QUANTUM ULTRA DRIVES ARTWORK UP THE WALL

The new landmark Lincoln Harris Legacy Union Tower commercial-use space in Charlotte, North Carolina required an eye-catching display system. The vision was to entertain and inform visitors while providing tenants with a unique advertising platform.

The elegant lobby within the 33‑story, 79,000‑square meter Legacy Union Tower would feature a three‑story tall videowall, with content reflecting city-centric art and history united with concepts and ideals representing the future of Charlotte.

The system had to support 4K/60 video and presentation of a single source over the entire canvas. Additional requirements included flexible windowing, seamless switching, and system automation, regardless of window number and arrangement.

Integration firm Cenero outfitted the tower’s lobby with a NanoLumens 4 mm direct view LED videowall measuring 36-feet tall by 64-feet wide. Sources include 16 cable tuners and a Seneca PC powering the Unify artwork produced by Second Story. Periodically, this company transfers new content to the PC. 

The system supports any arrangement of up to 16 simultaneous sources, with an optional additional source as background to the rest. The PC is the default source, filling the canvas with one 4K/60 video image.

Cenero and NanoLumens evaluated products that claimed flawless presentation. After extensive testing at the Nanolumens lab, they mutually agreed on the Extron Quantum Ultra 610 4K Videowall Processor.

Two factors leading to selection of the Quantum Ultra were its capability to support the videowall’s native resolution of 4096×2304 and a modular architecture that allowed the configuration to match the design specs. These and the processor’s many capabilities made it the right choice. A few other features include a 400 Gbps HyperLane video bus, frame-locked outputs, output overlap, and adjustable mullion compensation. Also, an embedded operating system that resides on a write-protected, solid‑state storage drive and redundant, hot-swappable power supplies ensured reliable operation.

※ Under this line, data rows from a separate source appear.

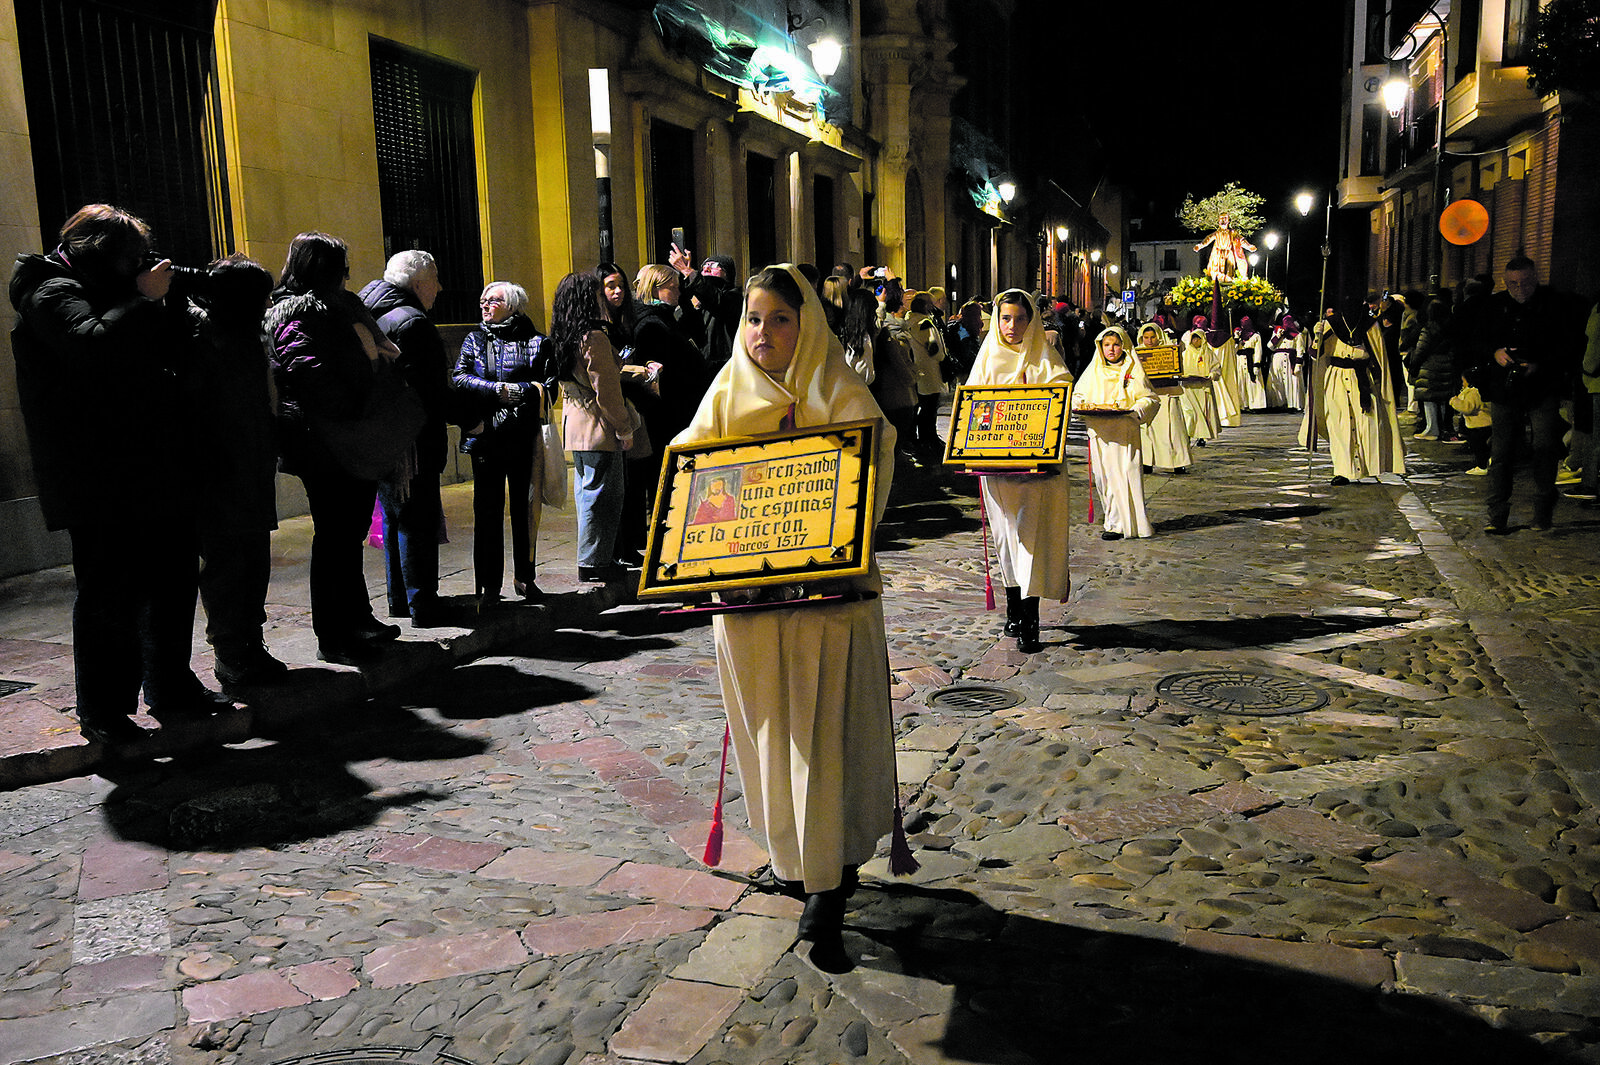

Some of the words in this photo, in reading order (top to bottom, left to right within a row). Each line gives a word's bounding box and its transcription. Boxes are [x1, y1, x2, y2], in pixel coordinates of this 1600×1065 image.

[1124, 292, 1132, 300] P
[996, 401, 1047, 412] Entonces
[995, 411, 1029, 424] Pilato
[968, 432, 1004, 444] azotar
[1008, 433, 1014, 441] a
[746, 456, 837, 484] Trenzando
[742, 486, 774, 501] una
[778, 478, 835, 497] corona
[740, 503, 758, 520] de
[762, 496, 833, 520] espinas
[686, 529, 706, 544] se
[709, 524, 725, 542] la
[733, 519, 808, 540] ciñeron.
[727, 540, 770, 555] Marcos
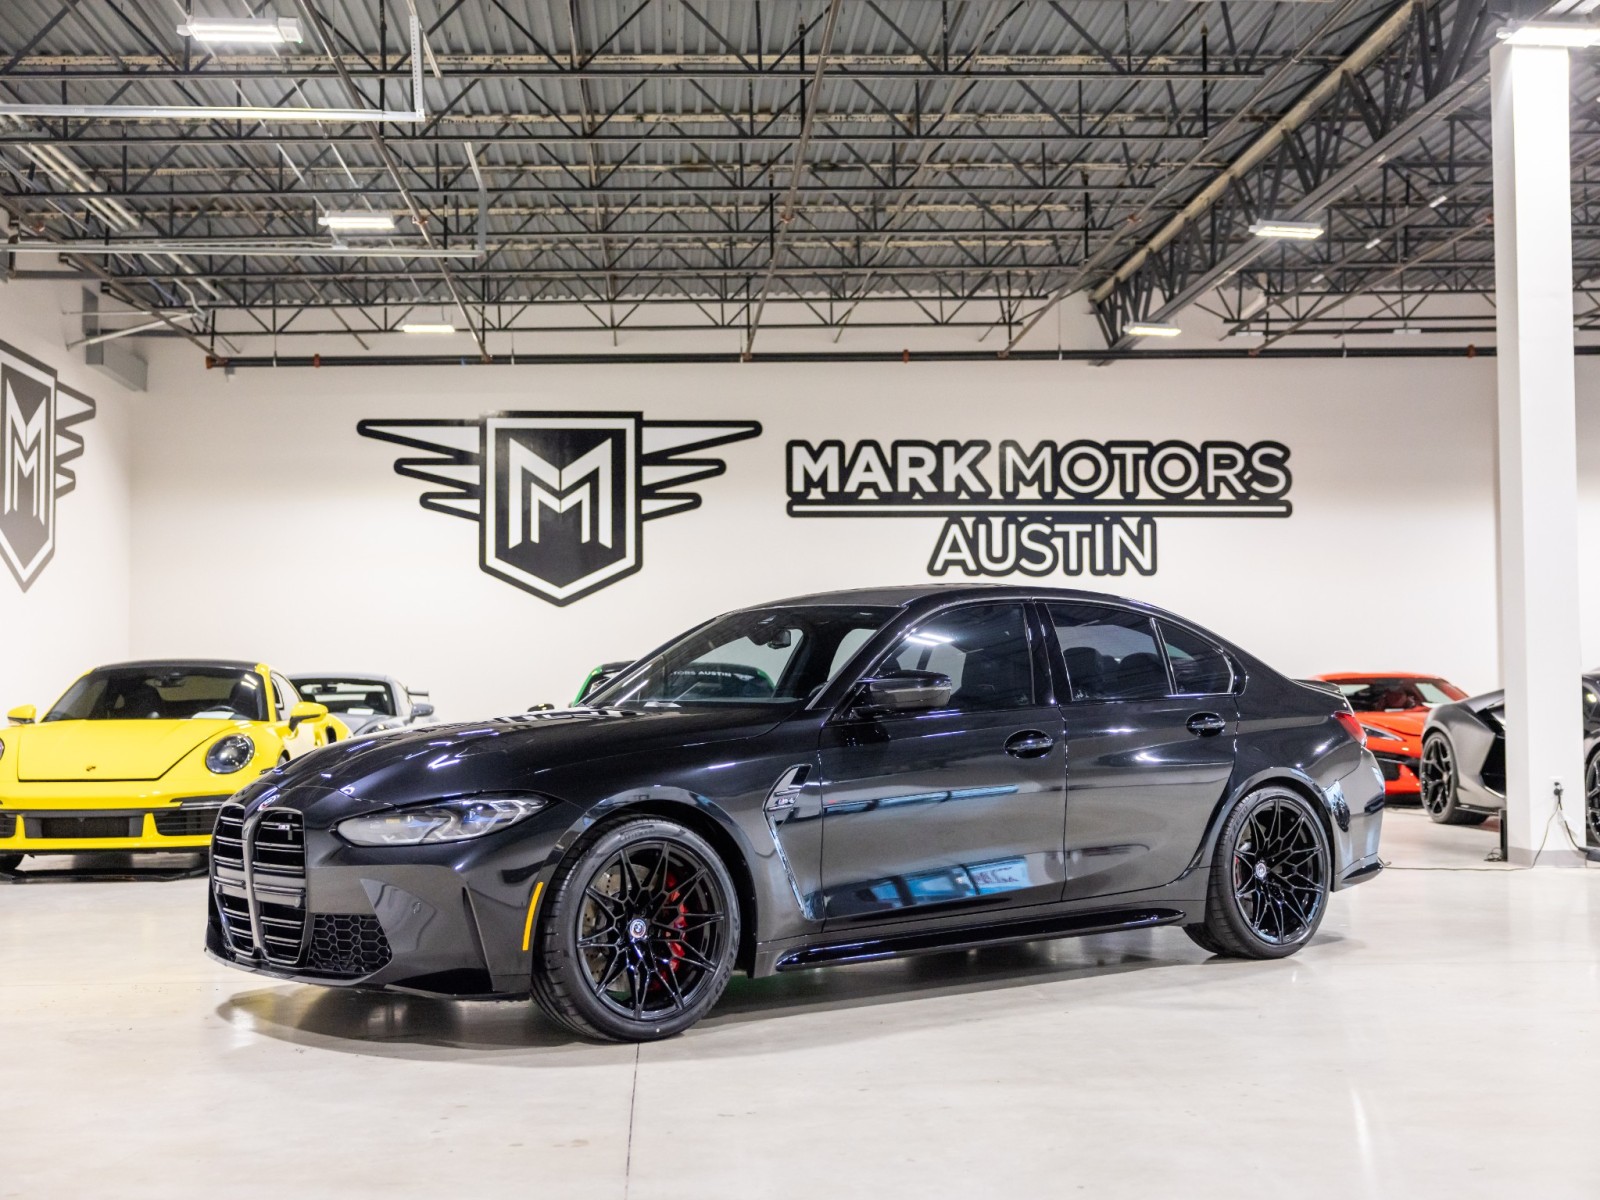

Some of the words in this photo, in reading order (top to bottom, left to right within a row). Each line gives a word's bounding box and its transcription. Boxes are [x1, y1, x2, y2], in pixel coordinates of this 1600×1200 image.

The videowall processor’s 10‑card slot frame is configured with seven IN4HDMI input cards and two OUT4HDMI output cards. The 16 cable tuners are directly connected to HDMI inputs. For the Seneca PC, an Extron DSC HD‑HD 4K PLUS A xi HDMI‑to‑HDMI 4K/60 scaler converts video from single path to dual‑path 4K/60 to feed into the videowall processor. The scaler also de‑embeds audio and sends it to the house sound system.

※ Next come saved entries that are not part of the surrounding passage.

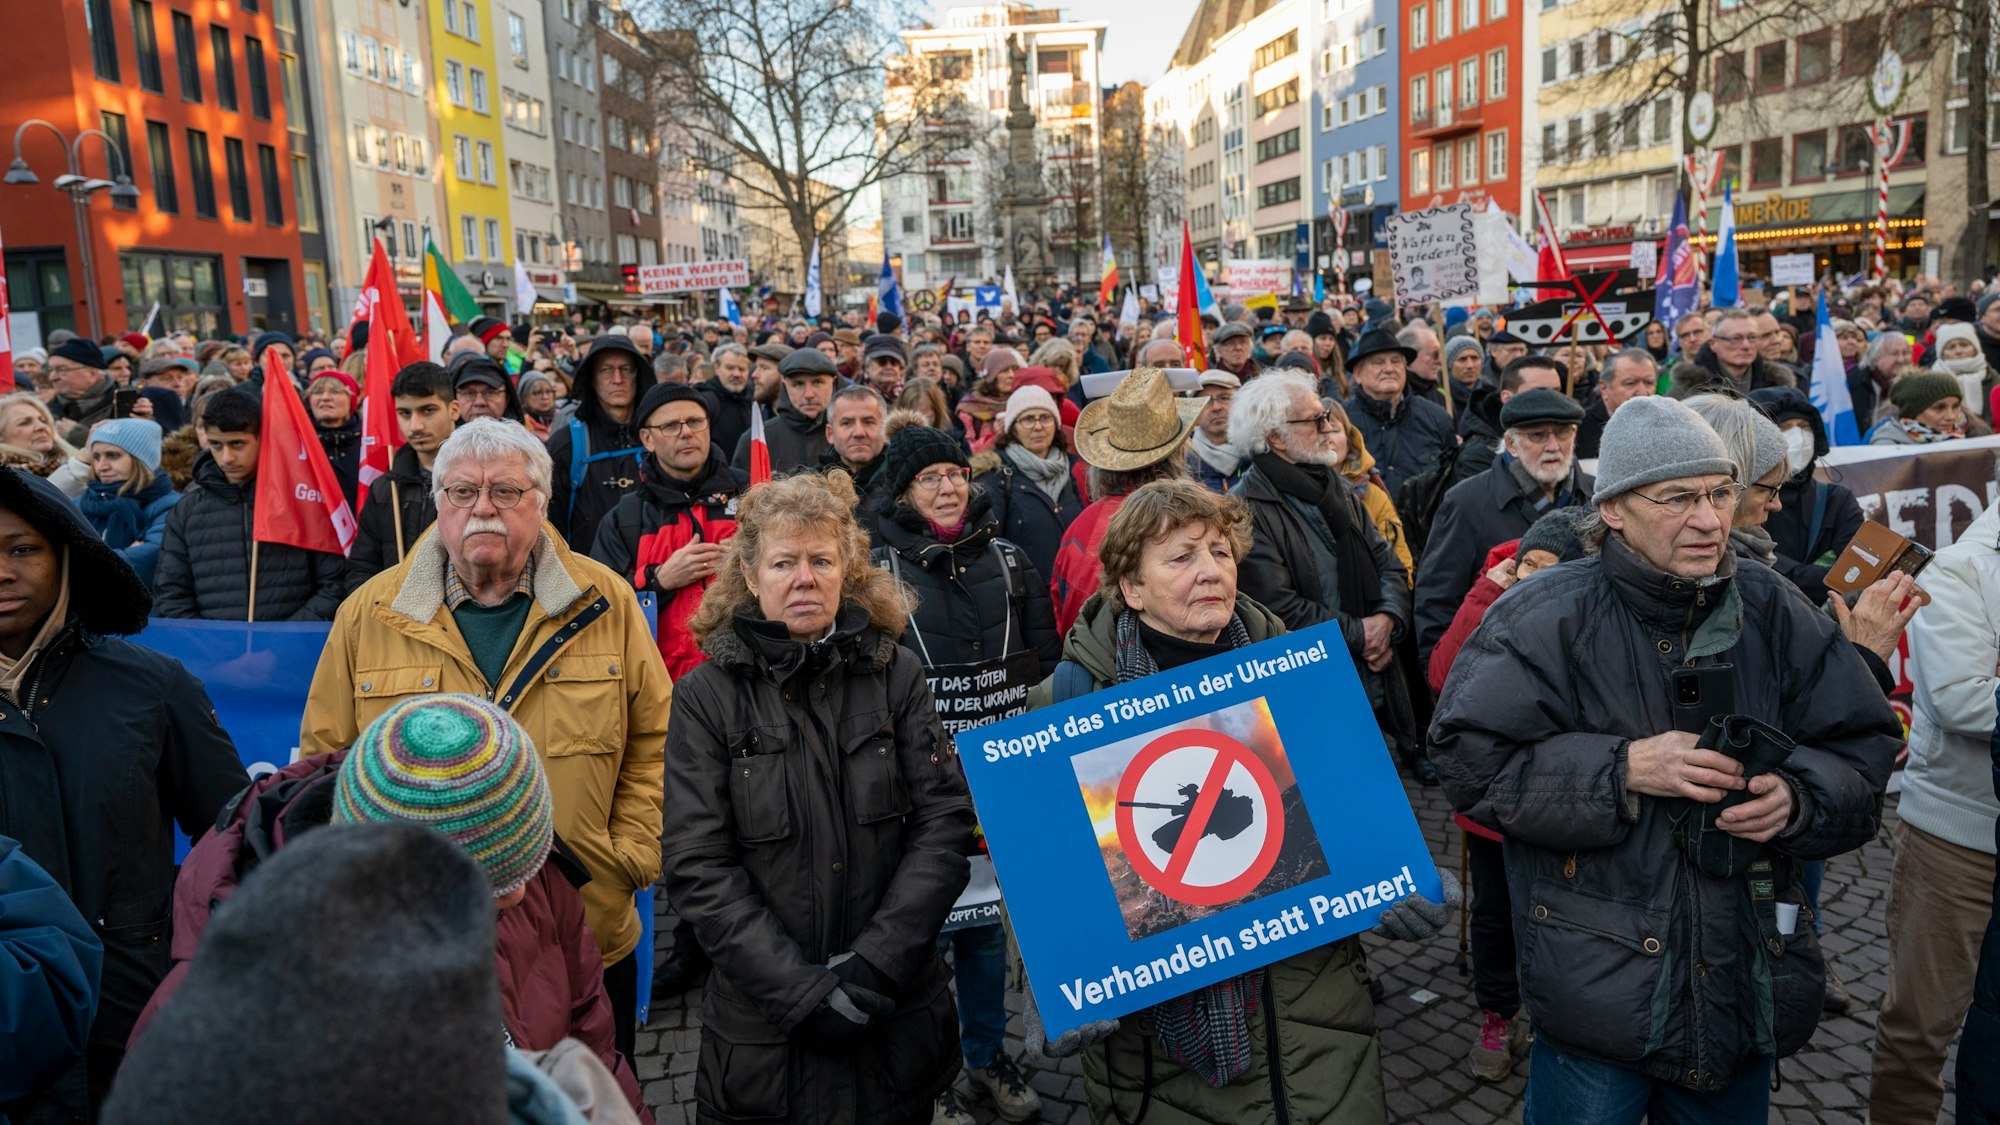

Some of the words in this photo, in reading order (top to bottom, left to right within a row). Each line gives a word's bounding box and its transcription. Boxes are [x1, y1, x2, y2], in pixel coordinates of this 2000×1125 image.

[1733, 192, 1810, 226] IMERIDE
[1401, 233, 1455, 249] Waffen
[643, 266, 684, 278] KEINE
[689, 262, 744, 274] WAFFEN
[645, 279, 679, 291] KEIN
[684, 275, 728, 288] KRIEG
[733, 274, 745, 284] !!!
[1856, 481, 1998, 551] ED
[926, 677, 939, 693] T
[942, 676, 971, 693] DAS
[973, 668, 1007, 691] TÖTEN
[935, 699, 950, 713] IN
[954, 697, 983, 712] DER
[983, 684, 1027, 709] UKRAINE
[983, 723, 1061, 763] Stoppt
[1063, 713, 1104, 738] das
[1104, 693, 1170, 724] Töten
[1171, 683, 1196, 704] in
[1198, 673, 1234, 696] der
[1236, 640, 1328, 683] Ukraine!
[1059, 934, 1235, 1011] Verhandeln
[1238, 905, 1310, 951] statt
[1308, 865, 1417, 925] Panzer!

The Quantum Ultra upscales the source content to match the native 4096×2304 resolution of the videowall. Four outputs feed the Nanolumens LED controller with 2048×1152 / 60 Hz signals. Custom output timing rates and EDID were loaded to the processor to support this unique resolution. The 400 Gbps HyperLane video bus easily accommodates the high bandwidth demands, displaying content from the 17 sources without pixilation or loss of critical image detail.

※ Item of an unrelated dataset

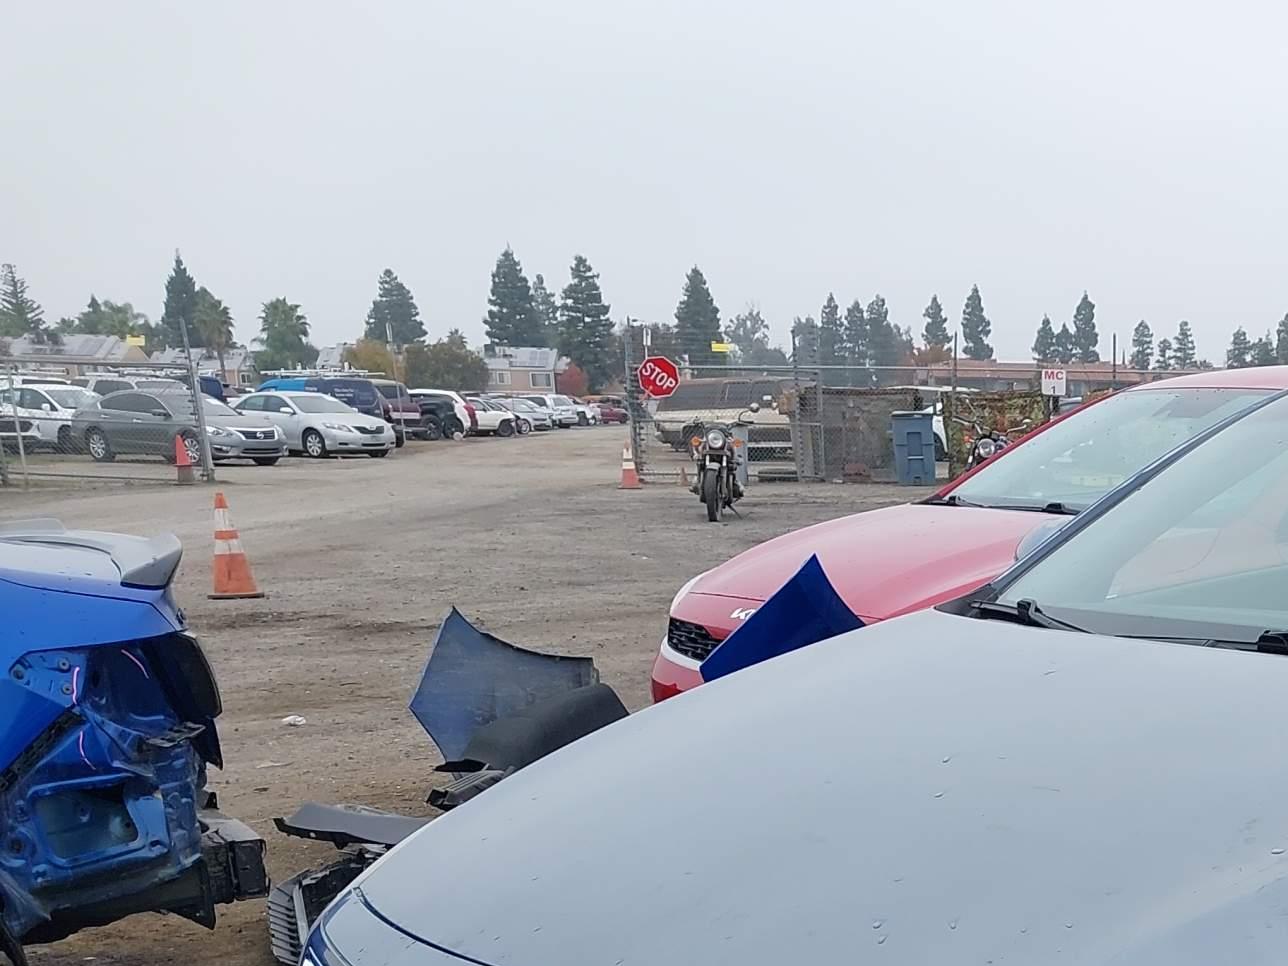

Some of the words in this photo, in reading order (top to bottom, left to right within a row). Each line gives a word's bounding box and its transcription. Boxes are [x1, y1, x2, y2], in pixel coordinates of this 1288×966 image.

[642, 362, 676, 389] STOP
[1044, 371, 1064, 380] MC
[1051, 386, 1056, 394] 1

Cenero loaded a comprehensive set of window configuration presets, facilitating ease of use and automated operation during business hours. Also, the support staff can monitor and manage the videowall remotely.

Many tenants asked to advertise on this 36′ x 64′ videowall that artistically reflects Charlotte’s past, present, and future. No other high rises in the city had anything similar. The building was majority leased well before its grand opening, and the sheer size of the installation continues to be a key space selling point. This high degree of tenancy is attributed in part to the massive videowall driven by the Quantum Ultra 4K Videowall Processor.